■ **Exercise requirements**
Whenever a picture appears in the records, exclude it, and transcribe everything else exactly.

■ **Dataset content**
+ + + + + + +
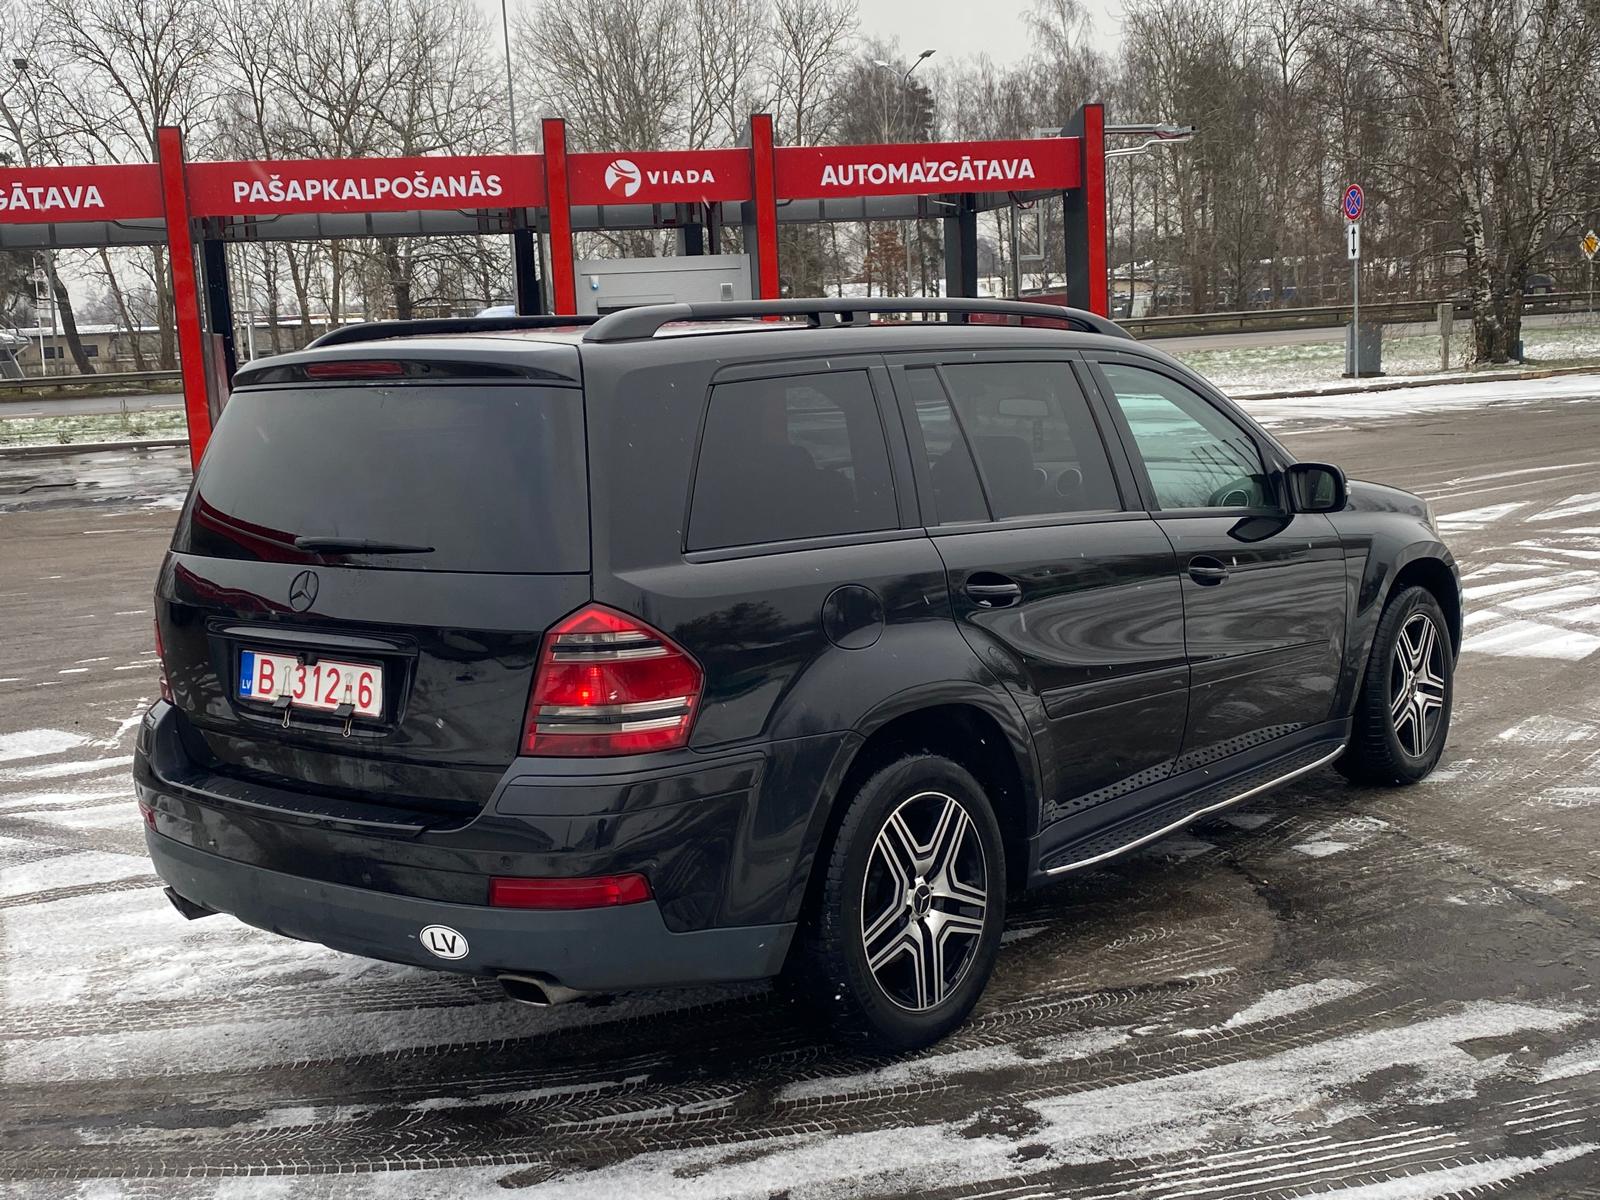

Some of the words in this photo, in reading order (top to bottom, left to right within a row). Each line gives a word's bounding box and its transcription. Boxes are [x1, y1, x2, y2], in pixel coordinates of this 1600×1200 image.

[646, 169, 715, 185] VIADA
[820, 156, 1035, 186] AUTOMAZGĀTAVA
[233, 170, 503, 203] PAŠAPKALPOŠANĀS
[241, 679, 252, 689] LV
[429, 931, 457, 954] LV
+ + + + + + +
■ **Exercise solution**
Some of the words in this photo, in reading order (top to bottom, left to right within a row). Each line gives a word's bounding box and its transcription. Boxes are [x1, y1, x2, y2], in pixel coordinates of this 1600×1200 image.

[646, 169, 715, 185] VIADA
[820, 156, 1035, 186] AUTOMAZGĀTAVA
[233, 170, 503, 203] PAŠAPKALPOŠANĀS
[241, 679, 252, 689] LV
[429, 931, 457, 954] LV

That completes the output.